***** SOURCE INFORMATION

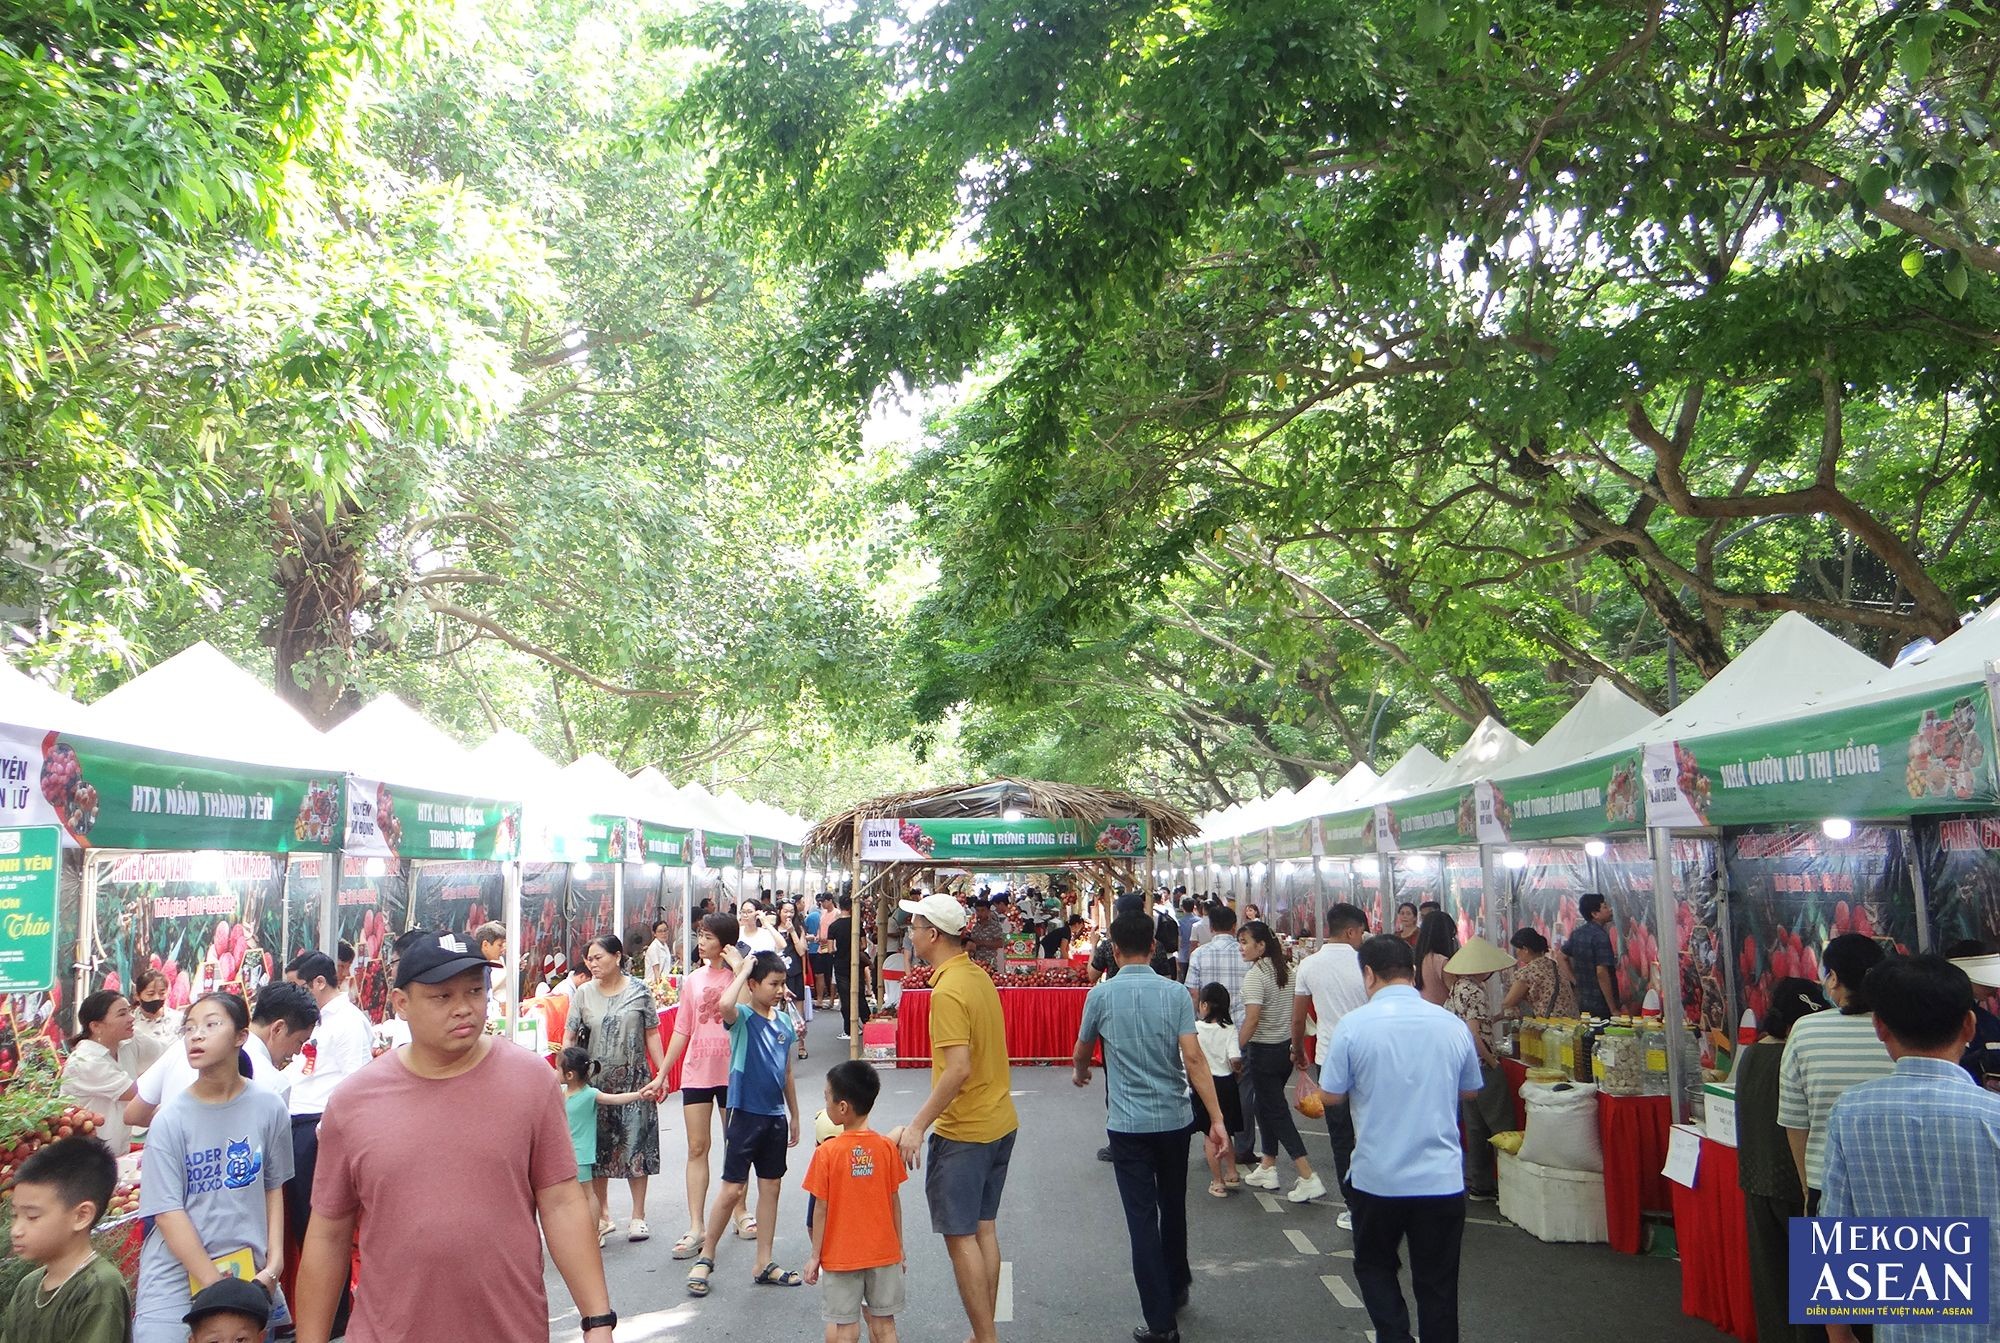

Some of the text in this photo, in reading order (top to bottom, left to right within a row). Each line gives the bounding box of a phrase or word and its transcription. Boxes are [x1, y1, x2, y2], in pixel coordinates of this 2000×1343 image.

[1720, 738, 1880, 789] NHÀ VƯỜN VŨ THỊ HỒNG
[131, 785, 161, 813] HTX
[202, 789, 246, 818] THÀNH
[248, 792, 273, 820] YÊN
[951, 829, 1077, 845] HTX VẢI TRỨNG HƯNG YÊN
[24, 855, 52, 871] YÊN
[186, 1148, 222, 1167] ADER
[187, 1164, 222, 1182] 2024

**********

HOW TO COMPLETE THIS TASK: The task calls for repeating each line above exactly while excluding the pictures.

ANSWER TO THIS EXERCISE:
Some of the text in this photo, in reading order (top to bottom, left to right within a row). Each line gives the bounding box of a phrase or word and its transcription. Boxes are [x1, y1, x2, y2], in pixel coordinates of this 2000×1343 image.

[1720, 738, 1880, 789] NHÀ VƯỜN VŨ THỊ HỒNG
[131, 785, 161, 813] HTX
[202, 789, 246, 818] THÀNH
[248, 792, 273, 820] YÊN
[951, 829, 1077, 845] HTX VẢI TRỨNG HƯNG YÊN
[24, 855, 52, 871] YÊN
[186, 1148, 222, 1167] ADER
[187, 1164, 222, 1182] 2024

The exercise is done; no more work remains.